Os seus direitos enquanto consumidor

Este movimento está na génese da elaboração dos direitos básicos do consumidor, que, no nosso país, de acordo com o Portal do Consumidor, são:

  • O direito à proteção da saúde e segurança física – É proibido o fornecimento de bens ou a prestação de serviços que, em condições de uso normal ou previsível, incluindo a duração, impliquem riscos incompatíveis com a sua utilização, não aceitáveis de acordo com um nível elevado de proteção da saúde e da segurança física das pessoas;
  • O direito à qualidade dos bens ou serviços – Os bens e os serviços destinados ao consumo devem ser aptos a satisfazer os fins a que se destinam e produzir os efeitos que se lhes atribuem, segundo as normas legalmente estabelecidas, ou, na falta delas, de modo adequado às legítimas expectativas do consumidor;
  • O direito à proteção dos interesses económicos – O consumidor tem direito à proteção dos seus interesses económicos, impondo-se nas relações jurídicas de consumo a igualdade material dos intervenientes, a lealdade e a boa-fé, nos preliminares, na formação e ainda na vigência dos contratos;
  • O direito à prevenção e à reparação de prejuízos – Ação inibitória de práticas ilegais ou lesivas – o direito de ação inibitória destinada a prevenir, corrigir ou fazer cessar práticas lesivas dos direitos do consumidor, acompanhada pela possibilidade de a sentença proferida em ação inibitória poder ser acompanhada de sanção pecuniária compulsória;
  • O direito à formação e à educação para o consumo – Incumbe ao Estado a promoção de uma política educativa para os consumidores, através da inserção nos programas e nas atividades escolares, bem como nas ações de educação permanente, de matérias relacionadas com o consumo e os direitos dos consumidores, usando, designadamente, os meios tecnológicos próprios numa sociedade de informação;
  • O direito à informação para o consumo – Incumbe ao Estado, às regiões autónomas e às autarquias locais desenvolver ações e adotar medidas tendentes à informação em geral do consumidor (…). O fornecedor de bens ou prestador de serviços deve, tanto nas negociações como na celebração de um contrato, informar de forma clara, objetiva e adequada o consumidor, nomeadamente, sobre características, composição e preço do bem ou serviço, bem como sobre o período de vigência do contrato, garantias, prazos de entrega e assistência após o negócio jurídico;
  • O direito à representação e consulta – O consumidor tem direito à participação, por via representativa, na definição legal ou administrativa dos seus direitos e interesses;
  • O direito à proteção jurídica e a uma justiça acessível e pronta – O consumidor pode recorrer à justiça para defender os seus direitos, ficando isento de preparos de custas judiciais nos processos em que seja parte e cuja resolução deve ser a mais célere possível.

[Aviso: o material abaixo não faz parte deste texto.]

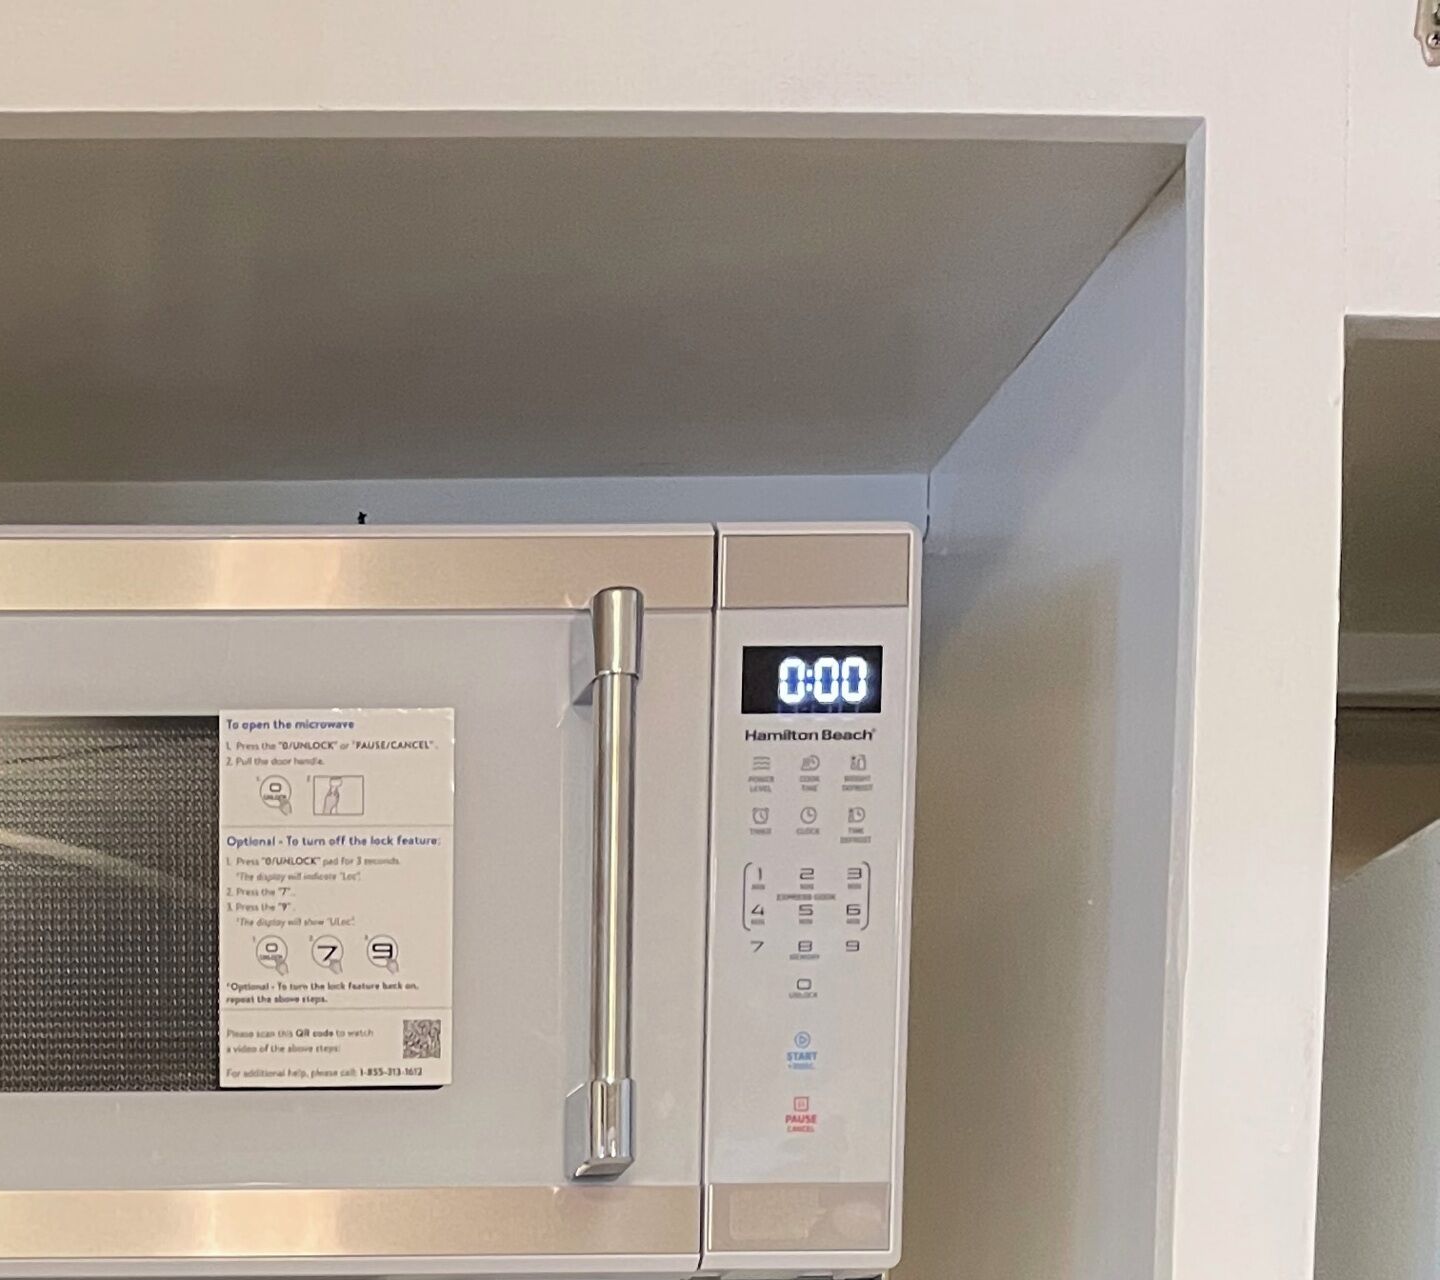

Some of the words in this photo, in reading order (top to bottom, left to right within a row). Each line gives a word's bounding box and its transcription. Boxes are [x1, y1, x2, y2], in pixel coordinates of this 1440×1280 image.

[779, 657, 867, 704] 0:00
[226, 719, 239, 730] To
[242, 721, 270, 732] open
[273, 719, 292, 730] the
[295, 719, 354, 730] microwave
[745, 729, 818, 741] Hamilton
[236, 741, 259, 751] Press
[261, 742, 276, 751] the
[236, 757, 252, 766] Pull
[254, 757, 269, 766] the
[271, 757, 291, 766] door
[227, 835, 275, 849] Optional
[286, 834, 299, 846] To
[302, 836, 325, 846] turn
[329, 834, 345, 846] off
[349, 835, 367, 846] the
[370, 835, 393, 846] lock
[236, 856, 259, 866] Press
[341, 856, 353, 866] for
[256, 872, 286, 883] display
[288, 872, 302, 881] will
[303, 872, 337, 881] indicate
[758, 867, 762, 881] 1
[800, 867, 814, 880] 2
[847, 867, 862, 880] 3
[236, 887, 259, 896] Press
[261, 887, 276, 896] the
[236, 902, 259, 912] Press
[261, 902, 276, 912] the
[751, 904, 764, 916] 4
[799, 904, 813, 916] 5
[846, 903, 861, 916] 6
[256, 916, 286, 928] display
[288, 916, 302, 926] will
[304, 916, 325, 926] show
[372, 943, 393, 959] 9
[750, 941, 764, 953] 7
[798, 940, 813, 952] 8
[845, 940, 860, 952] 9
[317, 945, 338, 961] 7
[278, 981, 287, 991] To
[290, 982, 308, 991] turn
[311, 981, 325, 990] the
[328, 981, 345, 990] lock
[348, 981, 380, 990] feature
[383, 981, 402, 990] back
[226, 996, 255, 1005] repeat
[257, 995, 271, 1004] the
[274, 995, 300, 1004] above
[226, 1029, 254, 1038] Please
[257, 1030, 275, 1038] scan
[278, 1029, 293, 1038] this
[295, 1029, 310, 1038] QR
[312, 1029, 334, 1038] code
[348, 1029, 374, 1037] watch
[234, 1044, 257, 1053] video
[260, 1044, 269, 1053] of
[270, 1044, 284, 1053] the
[288, 1044, 313, 1053] above
[786, 1051, 817, 1061] START
[226, 1068, 241, 1078] For
[243, 1068, 285, 1078] additional
[311, 1068, 338, 1079] please
[785, 1114, 817, 1124] PAUSE
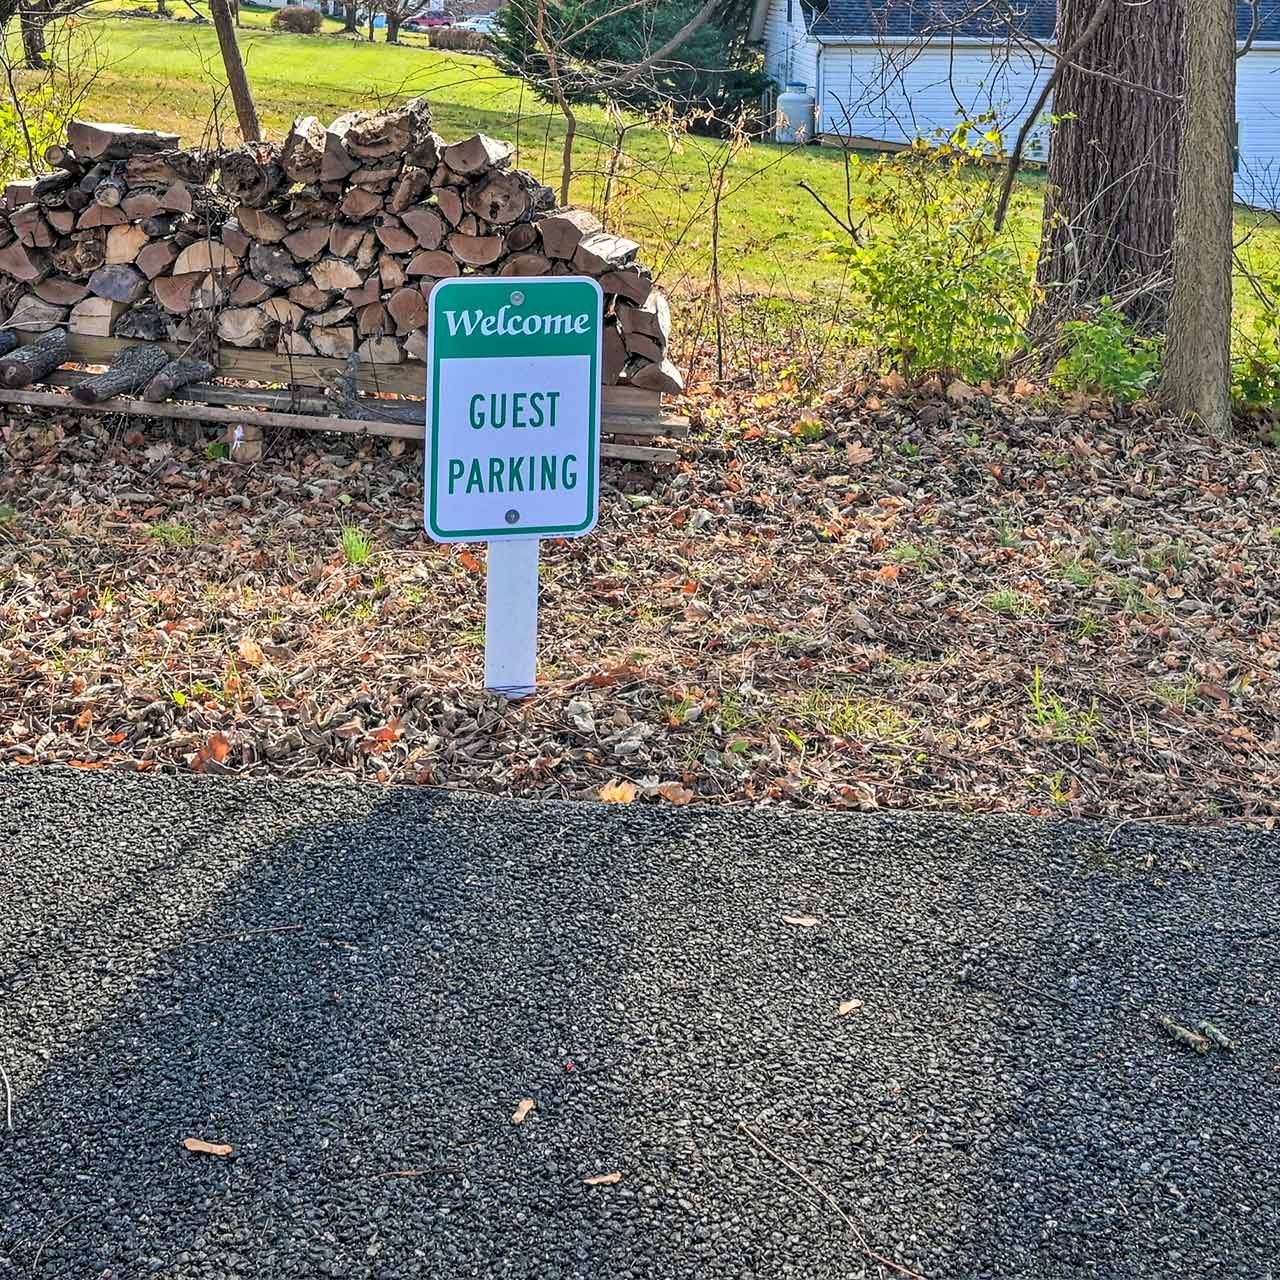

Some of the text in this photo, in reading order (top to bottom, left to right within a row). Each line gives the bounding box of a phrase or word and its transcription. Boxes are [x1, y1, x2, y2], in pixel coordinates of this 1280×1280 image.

[443, 304, 591, 337] Welcome
[469, 391, 561, 430] GUEST
[448, 453, 578, 495] PARKING
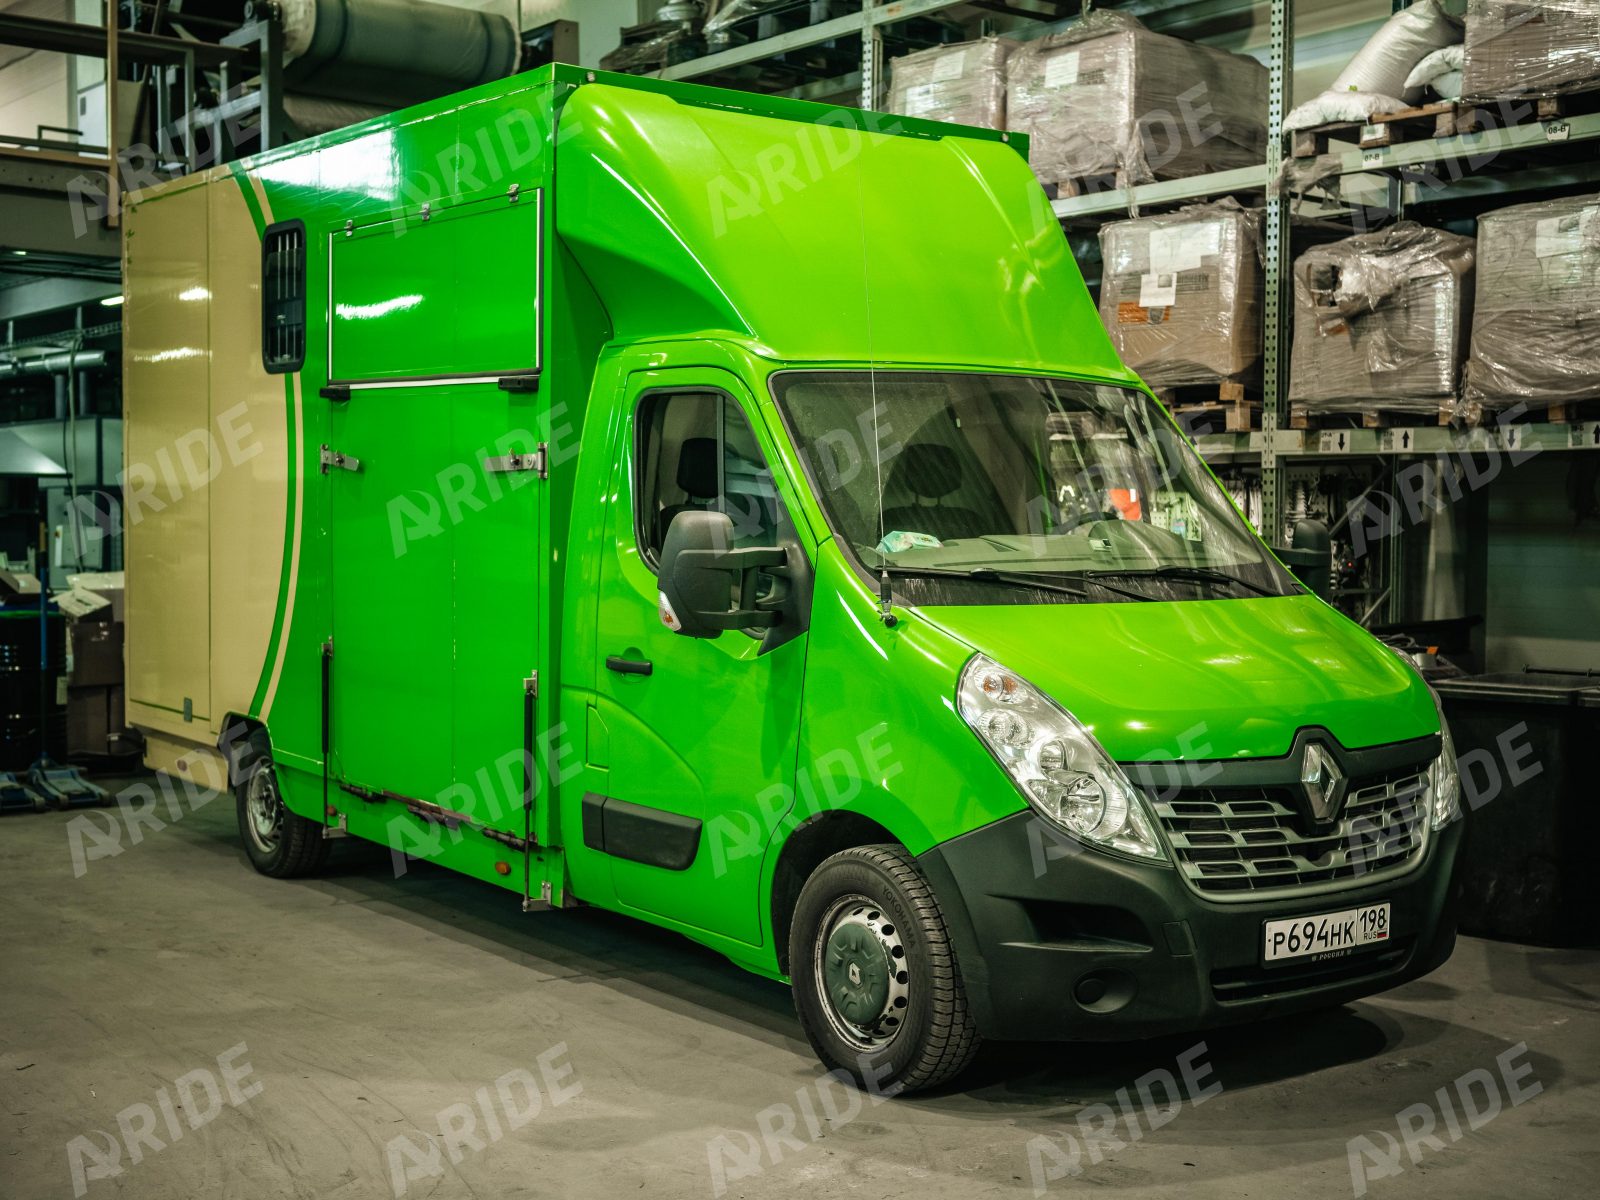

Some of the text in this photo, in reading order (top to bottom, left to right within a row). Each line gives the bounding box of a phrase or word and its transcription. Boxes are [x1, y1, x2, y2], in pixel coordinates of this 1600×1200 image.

[882, 885, 917, 949] YOKOHAMA
[1360, 907, 1387, 932] 198
[1363, 931, 1377, 940] RUS

Os seus direitos foram postos em causa? Reclame

Sempre que se sentir lesado, deve reclamar, quer através de contacto direto com o vendedor/prestador de serviços ou através da utilização do Livro de Reclamações, obrigatório em todas as lojas ou estabelecimentos com atendimento ao público, incluindo serviços e organismos da Administração Pública ou do site desenvolvido para o efeito. Desta forma estará a possibilitar que os agentes económicos adequem as ofertas às suas necessidades, bem como às de outros consumidores, e simultaneamente a informar as autoridades responsáveis sobre os diferentes problemas que afetam os consumidores. Leia as instruções, escreva de forma clara, concisa e legível, e preencha todos os campos solicitados.

#yourEUright

Enquanto consumidor da UE, tem mais direitos do que possivelmente imagina, direitos esses que devem ser respeitados, independentemente de as compras serem feitas na Internet ou fora dela. Esses direitos foram criados com o intuito de proteger os consumidores na Internet e fora dela, bem como além-fronteiras, no seio da UE. A campanha #yourEUright visa precisamente divulgar estes direitos e ajudar os consumidores a exercê-los.